The base and superstructure should be arranged symmetrically to reduce the torsion effect and improve the seismic performance by balancing the load distribution. For example, the layout of the support frame should be basically symmetrical, and the length-to-width ratio of the floor should not exceed 3 to prevent local stress concentration.

Seismic support system design

Support type selection: Central support (such as cross support and herringbone support) is recommended for buildings below 12 floors. Eccentric support or cylinder structure can be combined with more than 12 floors to form multiple seismic lines. K-shaped support should be avoided because it is easy to cause additional bending moment.

Node structure: The angle between the support diagonal rod and the horizontal plane should not exceed 55°, the thickness of the node plate should not be less than 10mm, the inter-column support should be made of whole material or equal strength splicing, and the connection strength should not be less than 1.2 times the plastic bearing capacity of the support rod.

2. Innovation and application of seismic technology

Seismic isolation and energy dissipation and shock absorption technology

Seismic isolation bearings: such as ball joint bearings and pot-type rubber bearings, which can absorb seismic energy and reduce structural vibration. Beijing Daxing Airport uses seismic isolation bearings to achieve 8-degree seismic fortification.

Energy dissipation support: By setting up viscous dampers or metal energy dissipators, seismic energy is converted into heat dissipation. Chongqing Raffles Square uses a damper combination to reduce wind vibration and seismic response.

Patented technology for seismic mechanism

A patented technology uses a U-shaped seat and a torsion spring to buffer and offset the vibration of the X/Y axis. Its base is equipped with a symmetrical seismic mechanism, which achieves multi-directional shock absorption through elastic deformation and improves seismic performance.

Collaborative design of seismic wall and frame

In the bottom frame-seismic wall structure, the thickness of the seismic wall is not less than 160mm, the distributed steel bar reinforcement ratio is not less than 0.25%, and the wall panel opening forms a wall section with a height-width ratio ≥2 to enhance the ability to resist lateral displacement. The transition layer bottom plate needs to use cast-in-place reinforced concrete slabs (thickness ≥120mm) and reduce openings.

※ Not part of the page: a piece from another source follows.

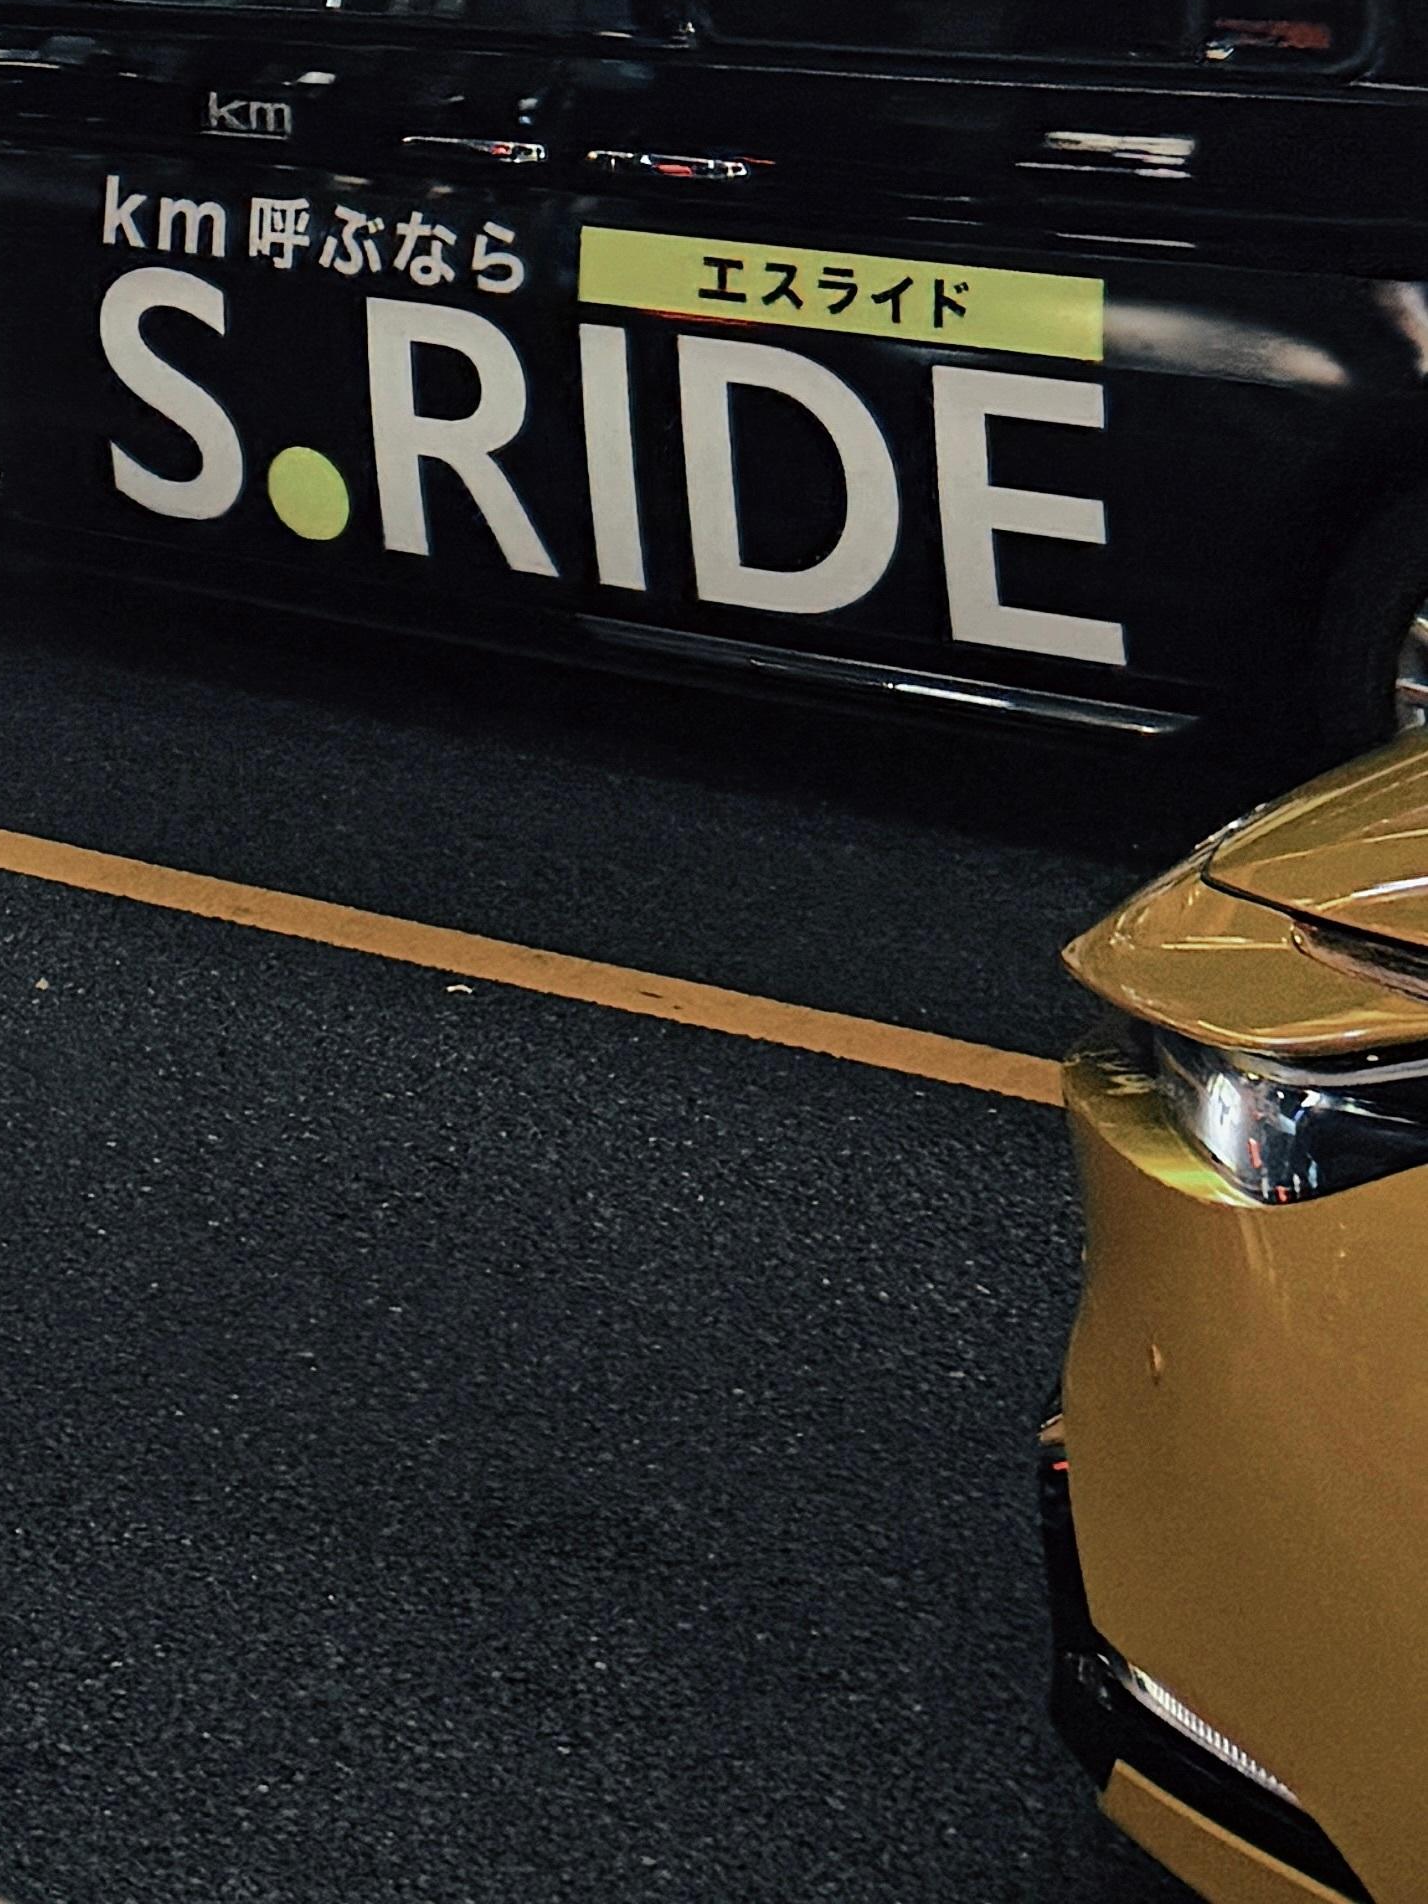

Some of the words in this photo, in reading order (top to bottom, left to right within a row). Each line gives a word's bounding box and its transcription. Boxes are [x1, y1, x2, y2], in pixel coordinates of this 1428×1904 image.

3. Material and construction process requirements

Application of high-strength steel

Use high-strength steel of grade Q355 or above to replace traditional Q235 steel to improve the tensile strength and ductility of the base. For example, the application rate of hot-rolled H-shaped steel is increased to 50%, achieving a combination of lightweight and high bearing capacity.

Key node reinforcement measures

Column foot design: high-rise buildings use rigid joints (inserted or exposed column feet), and low-rise store frames can use hinged column feet

Wall beam structure: section width ≥300mm, height ≥1/10 of the span, stirrup spacing ≤100mm, waist reinforcement number ≥2φ14, anchored in the column.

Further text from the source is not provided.